These are some of the earliest known mentions of mangoes in different regions of the world. The fruit’s popularity and spread throughout history can be attributed to its delicious taste, rich cultural significance, and the efforts of traders, explorers, and cultivators who helped introduce mangoes to various parts of the globe.
How did mangoes go to The Caribbean islands?
The journey of mangoes from the Indian subcontinent to the Caribbean before the arrival of European explorers is a fascinating example of how plants and their cultivation spread through human migration and trade networks.
It is believed that mangoes were introduced to the Caribbean by early Austronesian seafarers who were skilled navigators and traders. These seafaring communities, originating from Southeast Asia, had established extensive trade routes across the Indian Ocean, connecting various regions including the Indian subcontinent.

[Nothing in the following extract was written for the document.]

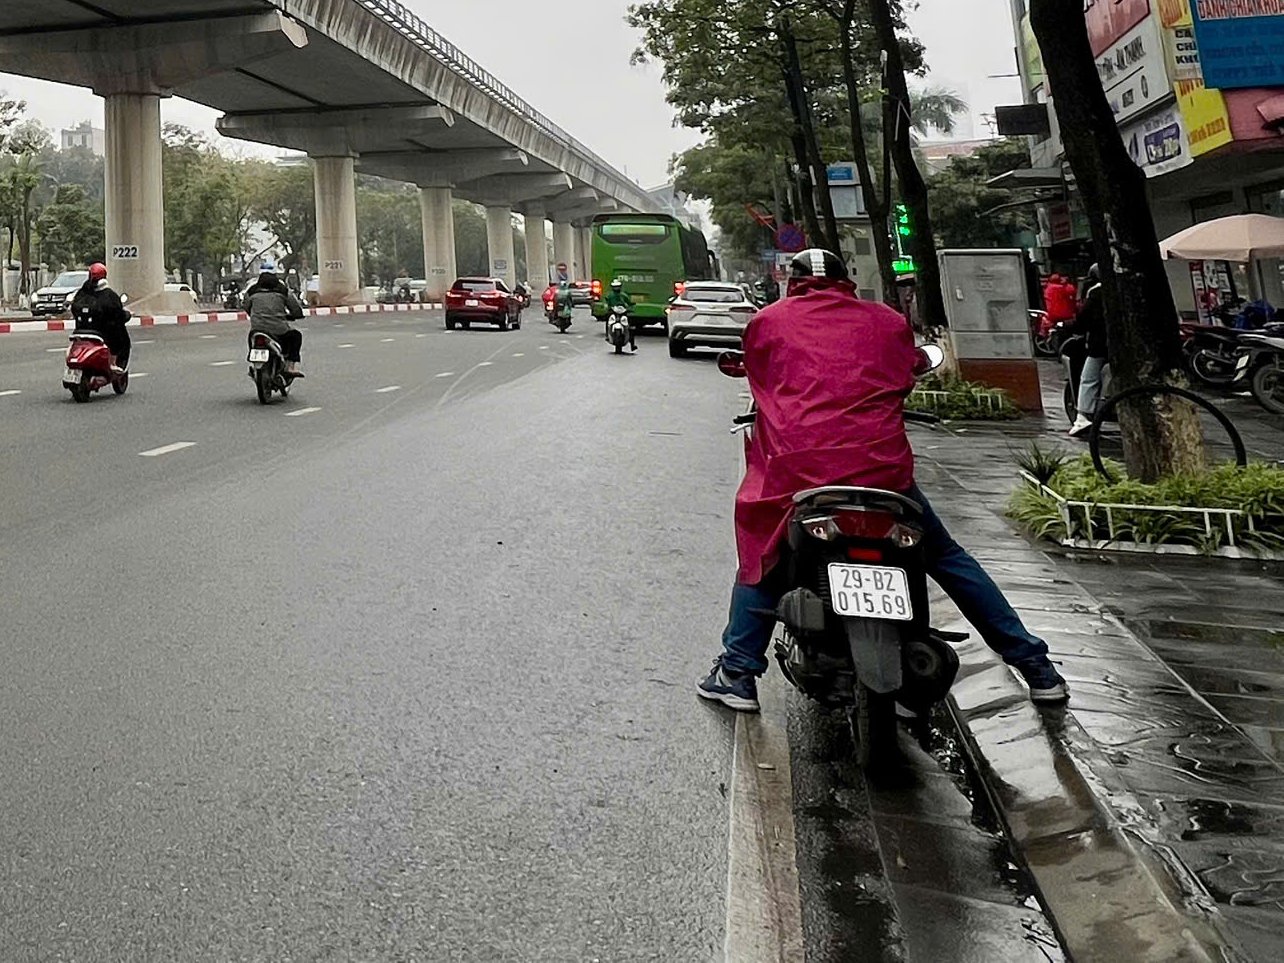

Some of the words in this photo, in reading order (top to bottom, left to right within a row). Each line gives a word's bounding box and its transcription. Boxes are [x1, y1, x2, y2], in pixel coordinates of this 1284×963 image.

As these Austronesian sailors ventured farther, they reached the Indian subcontinent and encountered the mango tree, recognizing its delectable fruit and its potential value for trade and cultivation. The sailors likely carried mango seeds or seedlings on their voyages, deliberately or unintentionally, as provisions or as gifts exchanged during their trade activities.

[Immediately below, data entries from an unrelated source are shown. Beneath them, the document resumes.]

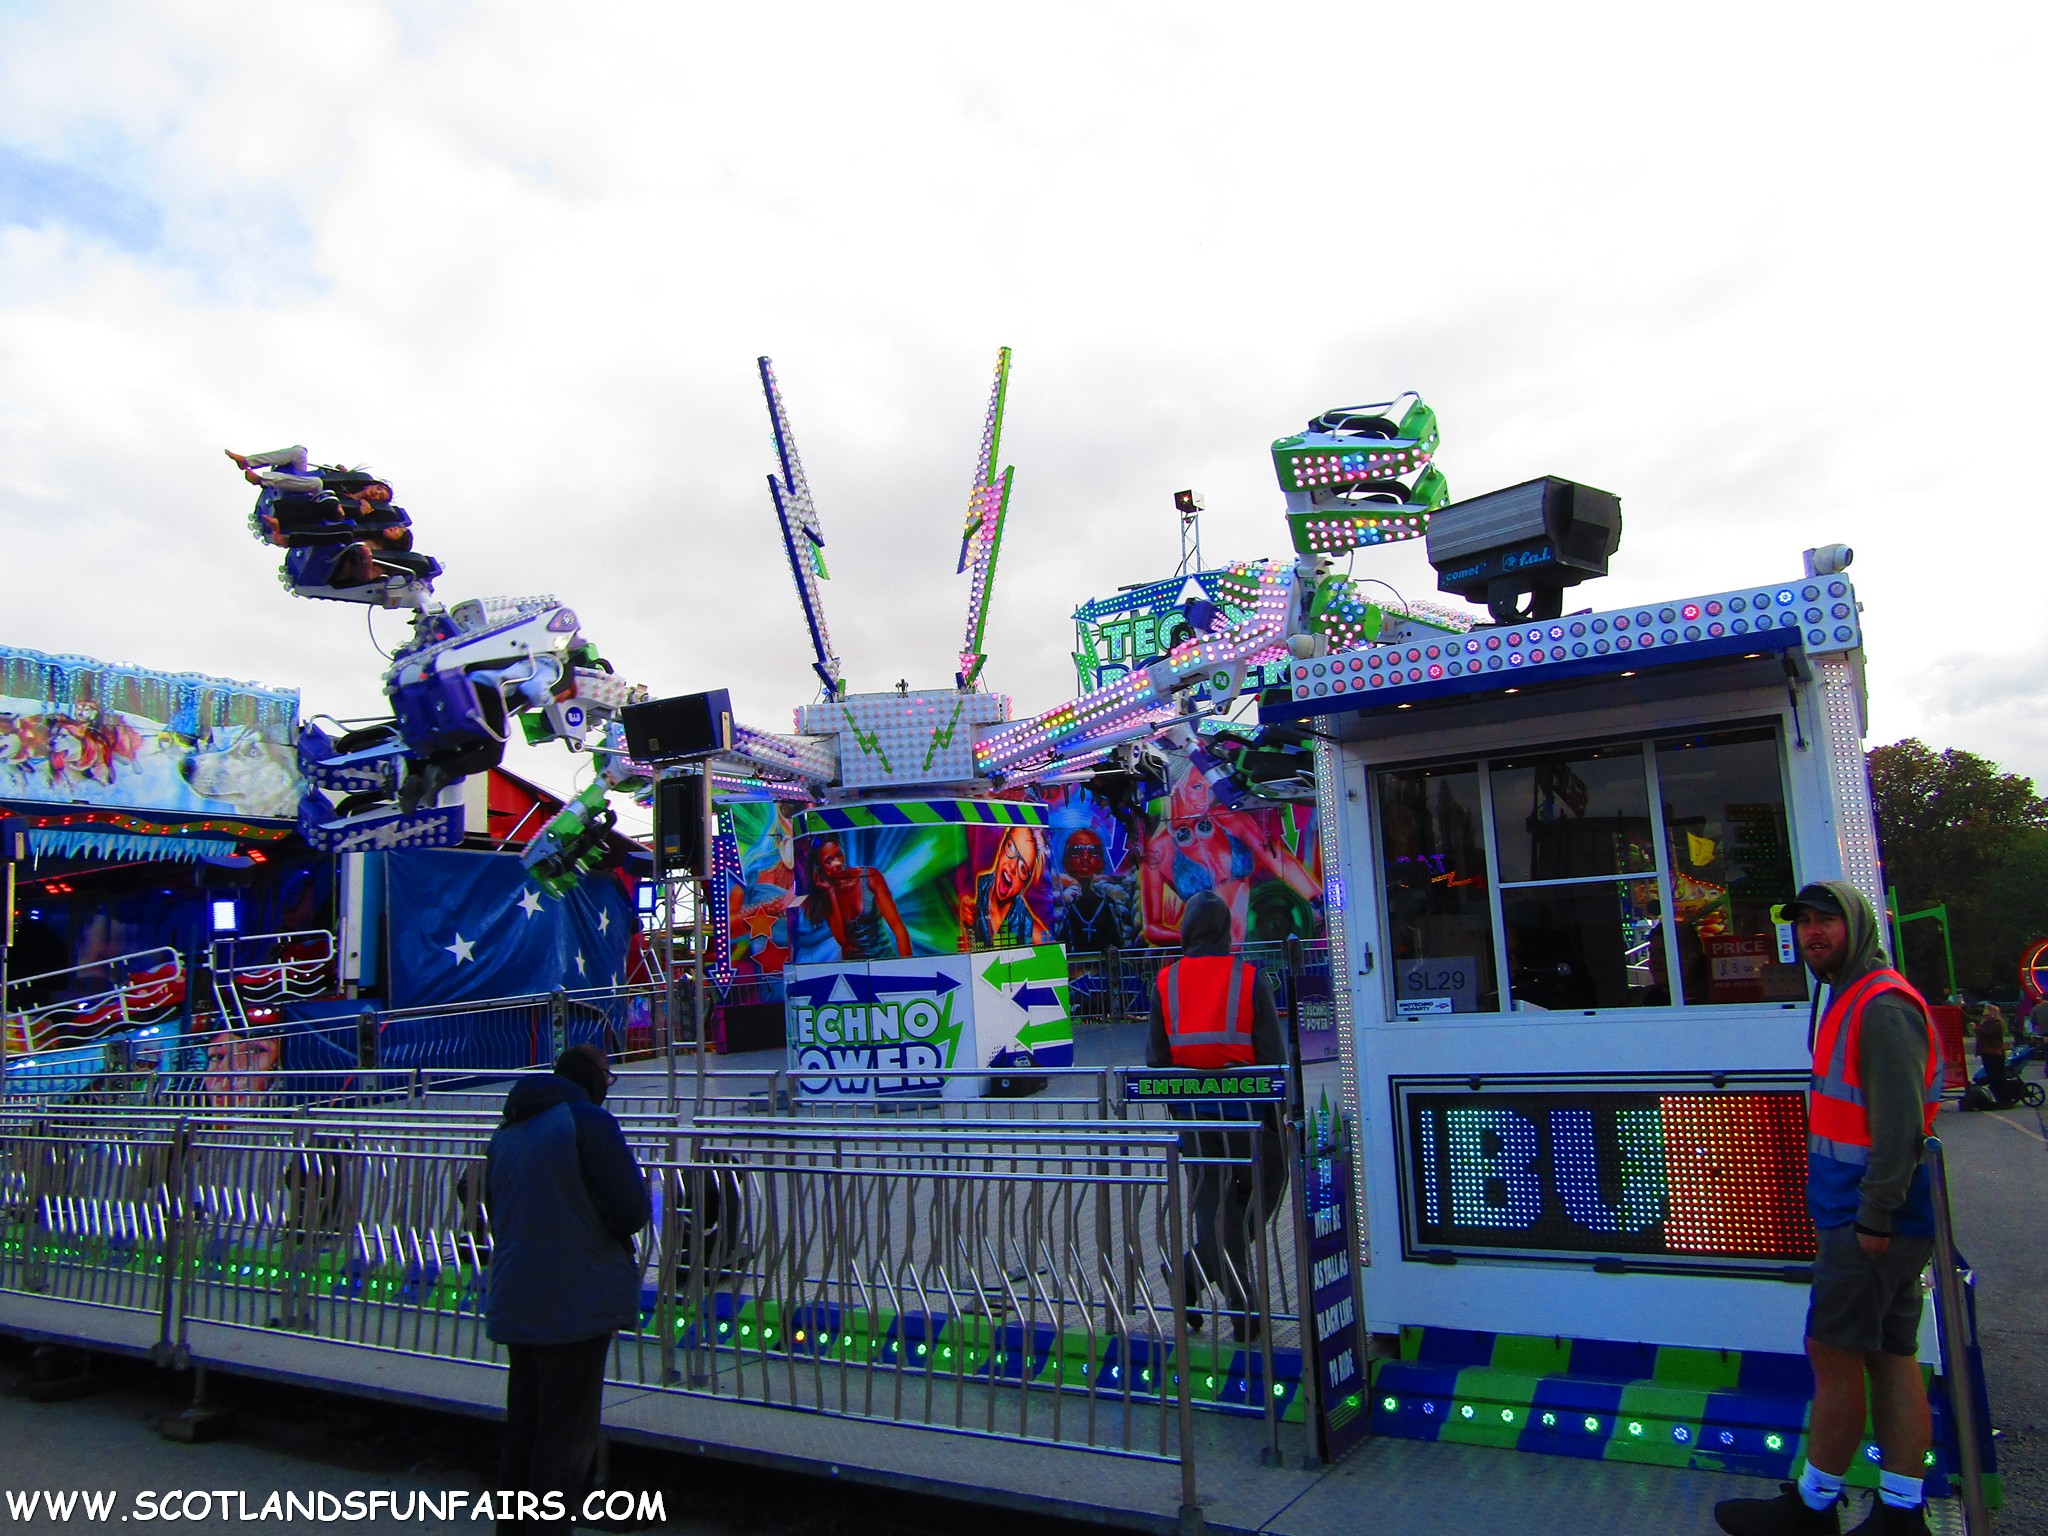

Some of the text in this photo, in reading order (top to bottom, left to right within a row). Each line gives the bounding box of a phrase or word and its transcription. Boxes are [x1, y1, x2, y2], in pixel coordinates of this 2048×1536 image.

[1445, 563, 1481, 581] comet
[1711, 940, 1766, 955] PRICE
[1408, 970, 1466, 991] SL29
[797, 1001, 941, 1046] ECHNO
[798, 1042, 946, 1094] OWER
[1138, 1076, 1272, 1097] ENTRANCE
[1331, 1203, 1342, 1232] BE
[1313, 1260, 1324, 1291] AS
[1338, 1248, 1349, 1278] AS
[1316, 1303, 1341, 1342] BLACK
[1328, 1347, 1356, 1389] TO RIDE

Over time, these seafarers navigated their way to the islands of the Caribbean, including present-day Jamaica, Cuba, and Hispaniola (Haiti and the Dominican Republic). It is believed that they brought mango seeds or seedlings with them and planted them in the fertile soils of the Caribbean islands.
Once established, the mango trees thrived in the favorable tropical climate of the Caribbean. They adapted to the local environment and gradually spread throughout the region, establishing themselves as a valuable fruit crop. The fruit’s delicious taste, vibrant colors, and versatility in culinary applications made it popular among the local communities.
How do we know this?
There is evidence to suggest that mangoes were present in the Caribbean prior to European contact.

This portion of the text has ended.